Tesco to Pay $269 Million Over U.K. Accounting ScandalBy and
Agreement sees Tesco avoid prosecution by Serious Fraud Office
Grocer faces investor opposition to bid for wholesaler Booker
Tesco Plc agreed to pay 214 million pounds ($269 million) to resolve regulatory probes into a 2014 accounting scandal that prompted a boardroom house-cleaning and an overhaul of the U.K. grocer’s supplier relations.
Tesco said its U.K. unit will pay 129 million pounds under a deferred prosecution agreement with the Serious Fraud Office, subject to court approval, and 85 million pounds to compensate investors under a separate settlement with the Financial Conduct Authority.

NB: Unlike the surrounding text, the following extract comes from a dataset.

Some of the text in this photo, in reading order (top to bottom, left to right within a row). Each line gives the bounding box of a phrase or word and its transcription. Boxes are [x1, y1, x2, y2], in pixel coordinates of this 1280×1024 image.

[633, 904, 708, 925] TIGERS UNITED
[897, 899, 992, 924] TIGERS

The agreements come as Tesco faces growing opposition from shareholders to its 3.7 billion-pound bid for U.K. wholesaler Booker Group Plc, which supplies restaurants and operates convenience stores. Schroders Plc and Artisan Partners Asset Management Inc., which together own 9 percent of Tesco, said this week that they want the grocer to focus on its recovery from the accounting scandal rather than striking out in a new direction.
Tesco said it expects to record a one-time charge of 235 million pounds to cover the penalty, compensation and related costs. Investors who bought shares between Aug. 29 and Sept. 19, 2014, will be eligible for compensation of 24.5 pence a share, plus interest.

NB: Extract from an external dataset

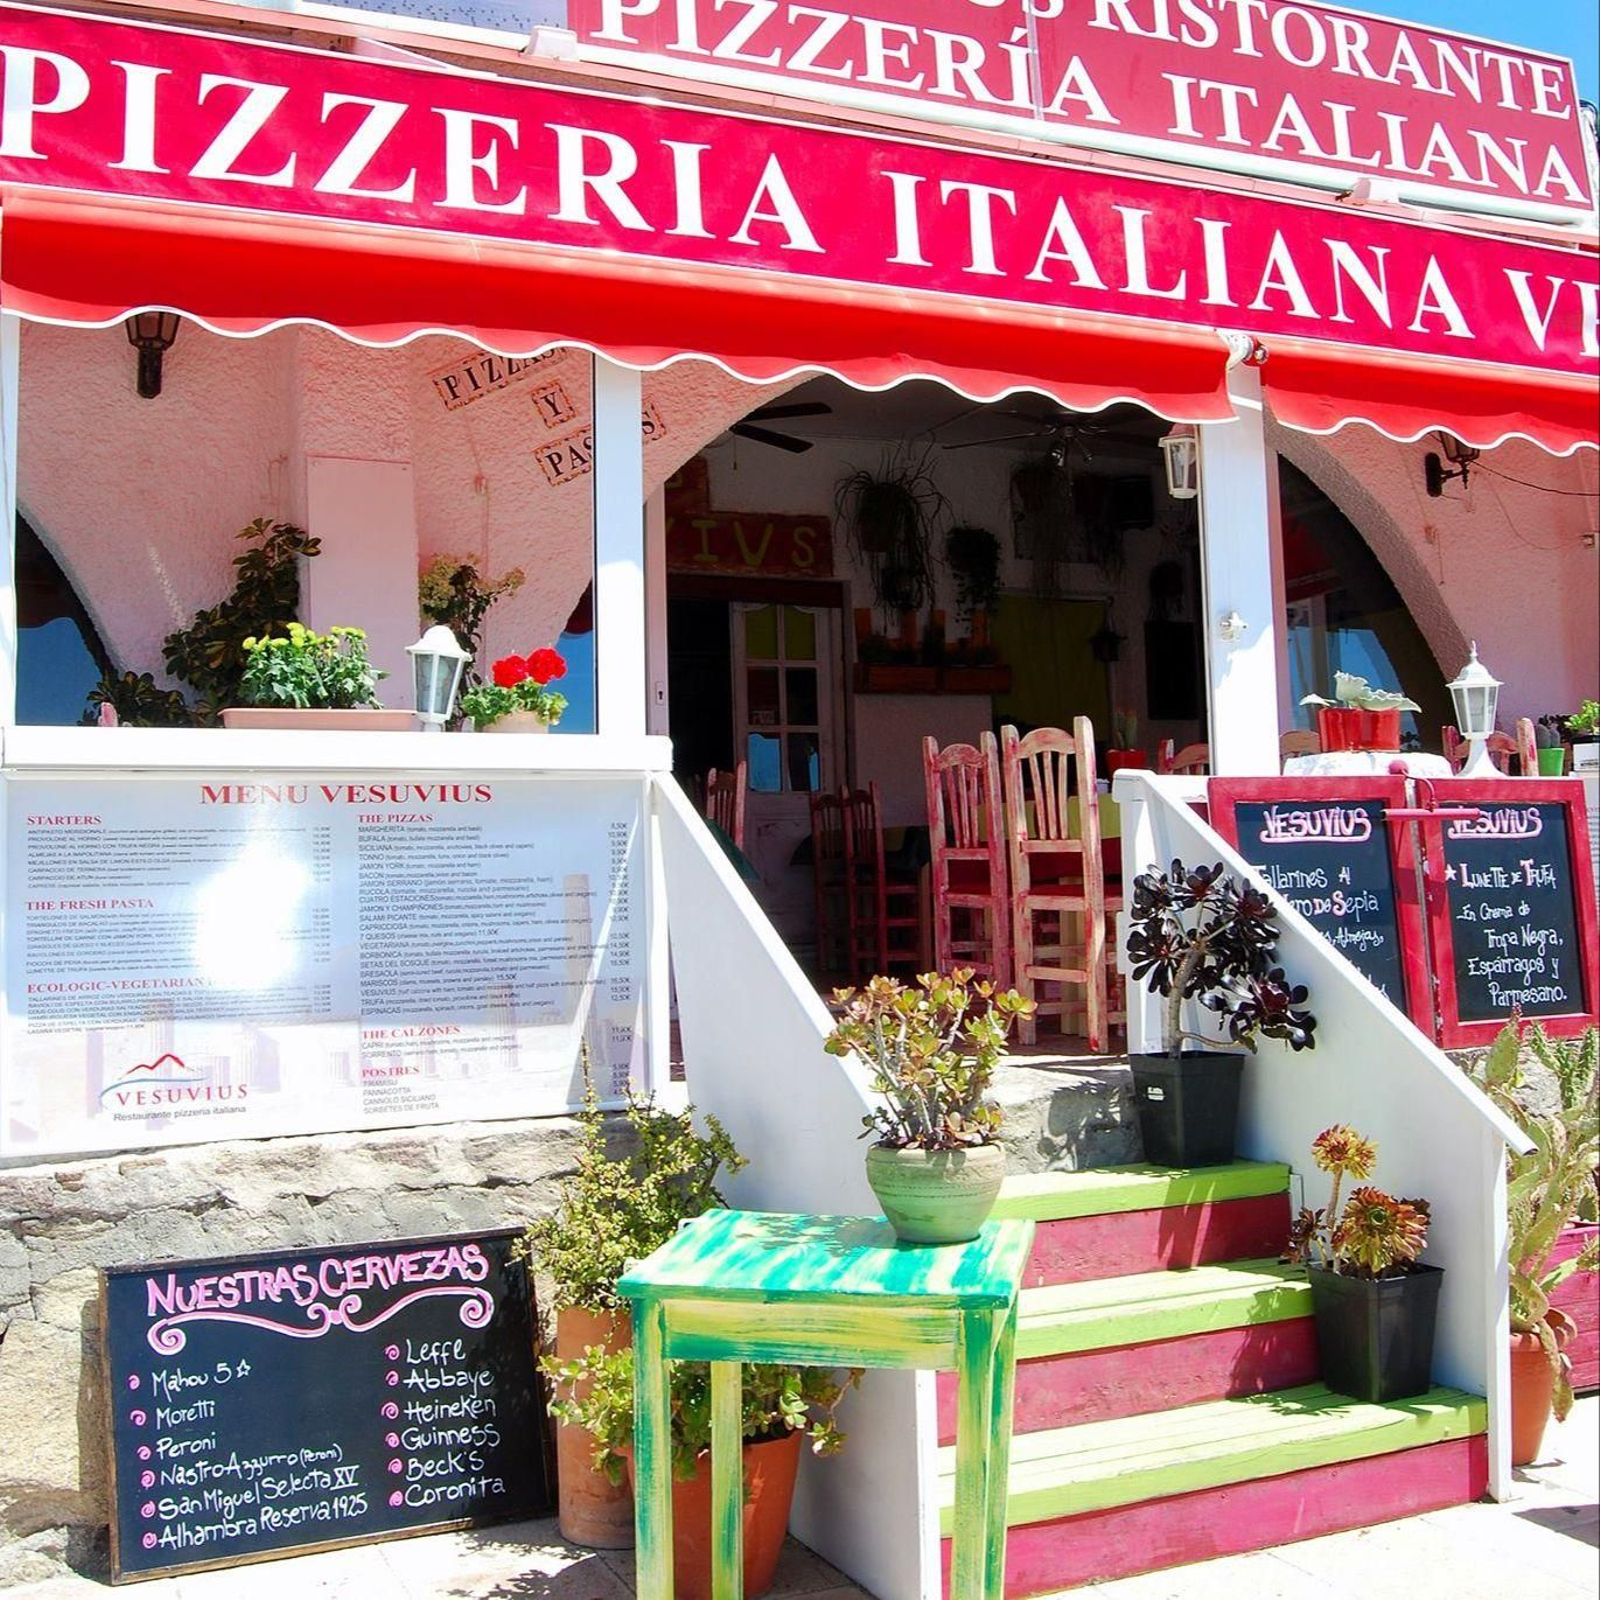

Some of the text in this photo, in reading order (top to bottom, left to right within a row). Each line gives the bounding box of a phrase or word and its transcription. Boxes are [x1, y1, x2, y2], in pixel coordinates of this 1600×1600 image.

Tesco shares were down 0.4 percent in early trading in London. Booker fell as much as 3.2 percent to 193.6 pence, about 6 percent below the value of Tesco’s offer.
Tesco announced in September 2014 that it had overstated profits by 263 million pounds, a figure that was increased to 326 million pounds following an independent audit. The FCA has said it’s not suggesting that the Tesco board knew, or could reasonably be expected to have known, that the information contained in that trading statement was false or misleading.
Tesco and the SFO will seek final court approval for the regulatory deals on April 10.
Chief Executive Officer Dave Lewis said Tesco would defend itself against two shareholder lawsuits. The outstanding cases relate to time periods outside the 2014 time window identified by the FCA.
“The FCA have been really very clear,” Lewis said on a call. “There is no accusation that anybody at Plc level knew or should have known what was in the misleading statement and that will be significant in any civil litigation.”
Tesco is the second high-profile British company to be offered a deferred prosecution agreement in a matter of months. Jet engine maker Rolls-Royce Holdings Plc agreed to pay 510 million pounds to U.K. prosecutors under such an arrangement in January to resolve a bribery probe.
Former Chairman Richard Broadbent stepped down from that post in October 2014, saying the accounting irregularities were a “matter of profound regret.”
After the scandal, Tesco moved to reduce the number of suppliers it works with, saying that would allow it to give remaining providers better deals. Lewis, who took over as CEO just before the accounting problems emerged, has put restoring the retailer’s reputation at the heart of his turnaround plans.
Lewis rebuffed suggestions that Tesco had not done enough to engage with shareholders over the Booker deal, which it announced in January. Schroders and Artisan were invited to air their concerns.
“We have done everything we can to share with them why this is such a compelling proposition for Tesco,” Lewis said. “We’re absolutely, completely committed to the deal.”